### Assigned task
The reply must repeat each entry exactly and contain no pictures.

### Information supplied
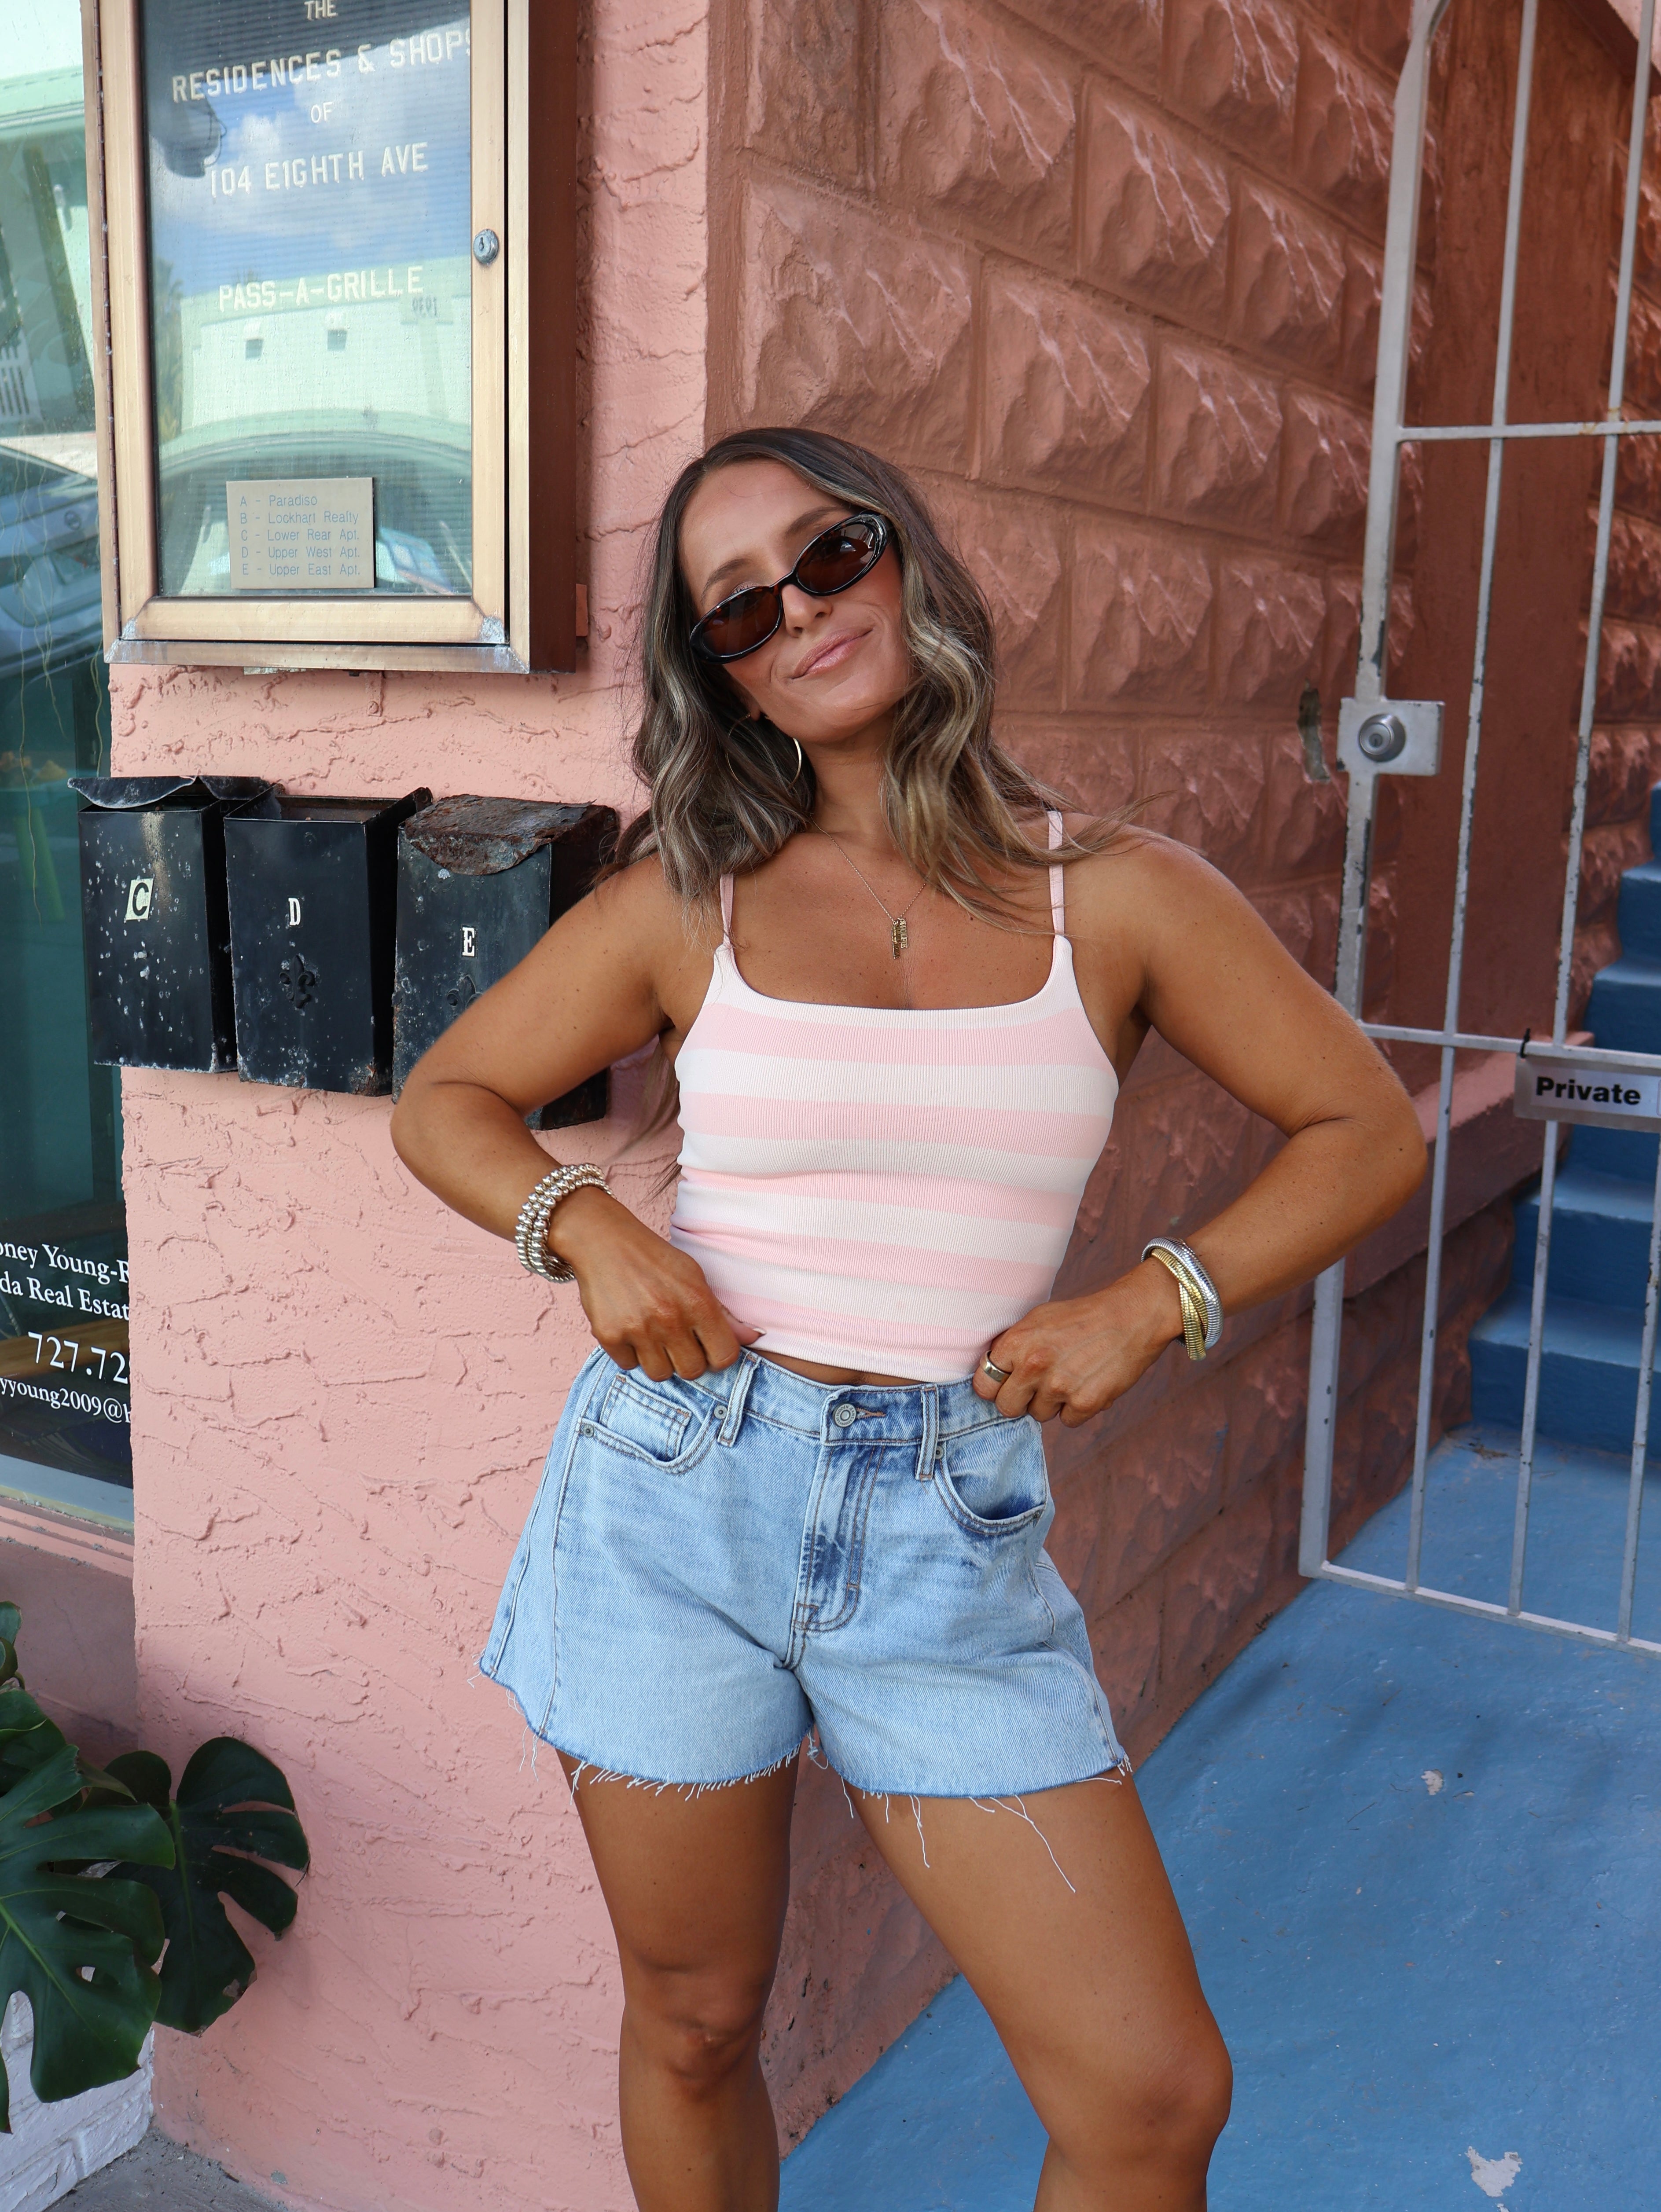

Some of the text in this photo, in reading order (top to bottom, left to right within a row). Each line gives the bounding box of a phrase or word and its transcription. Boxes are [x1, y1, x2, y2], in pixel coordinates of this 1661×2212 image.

[304, 0, 338, 21] THE
[172, 49, 342, 103] RESIDENCES
[357, 44, 376, 74] &
[311, 102, 333, 124] OF
[211, 166, 251, 198] 104
[381, 142, 429, 177] AVE
[219, 266, 424, 312] PASS-A-GRILLE
[240, 496, 247, 506] A
[269, 494, 317, 506] Paradiso
[240, 513, 247, 524] B
[268, 512, 316, 524] Lockhart
[324, 511, 359, 525] Realty
[241, 529, 247, 541] C
[268, 529, 299, 541] Lower
[308, 528, 331, 540] Rear
[339, 528, 359, 542] Apt.
[242, 547, 248, 558] D
[268, 547, 298, 560] Upper
[306, 546, 331, 558] West
[340, 546, 360, 559] Apt.
[243, 563, 249, 575] E
[269, 564, 300, 576] Upper
[308, 563, 331, 575] East
[339, 563, 360, 576] Apt.
[132, 882, 149, 916] C
[288, 898, 301, 925] D
[462, 927, 475, 957] E
[1536, 1076, 1641, 1105] Private
[26, 1277, 73, 1308] Real

### Response to this exercise
Some of the text in this photo, in reading order (top to bottom, left to right within a row). Each line gives the bounding box of a phrase or word and its transcription. Boxes are [x1, y1, x2, y2], in pixel coordinates of this 1661×2212 image.

[304, 0, 338, 21] THE
[172, 49, 342, 103] RESIDENCES
[357, 44, 376, 74] &
[311, 102, 333, 124] OF
[211, 166, 251, 198] 104
[381, 142, 429, 177] AVE
[219, 266, 424, 312] PASS-A-GRILLE
[240, 496, 247, 506] A
[269, 494, 317, 506] Paradiso
[240, 513, 247, 524] B
[268, 512, 316, 524] Lockhart
[324, 511, 359, 525] Realty
[241, 529, 247, 541] C
[268, 529, 299, 541] Lower
[308, 528, 331, 540] Rear
[339, 528, 359, 542] Apt.
[242, 547, 248, 558] D
[268, 547, 298, 560] Upper
[306, 546, 331, 558] West
[340, 546, 360, 559] Apt.
[243, 563, 249, 575] E
[269, 564, 300, 576] Upper
[308, 563, 331, 575] East
[339, 563, 360, 576] Apt.
[132, 882, 149, 916] C
[288, 898, 301, 925] D
[462, 927, 475, 957] E
[1536, 1076, 1641, 1105] Private
[26, 1277, 73, 1308] Real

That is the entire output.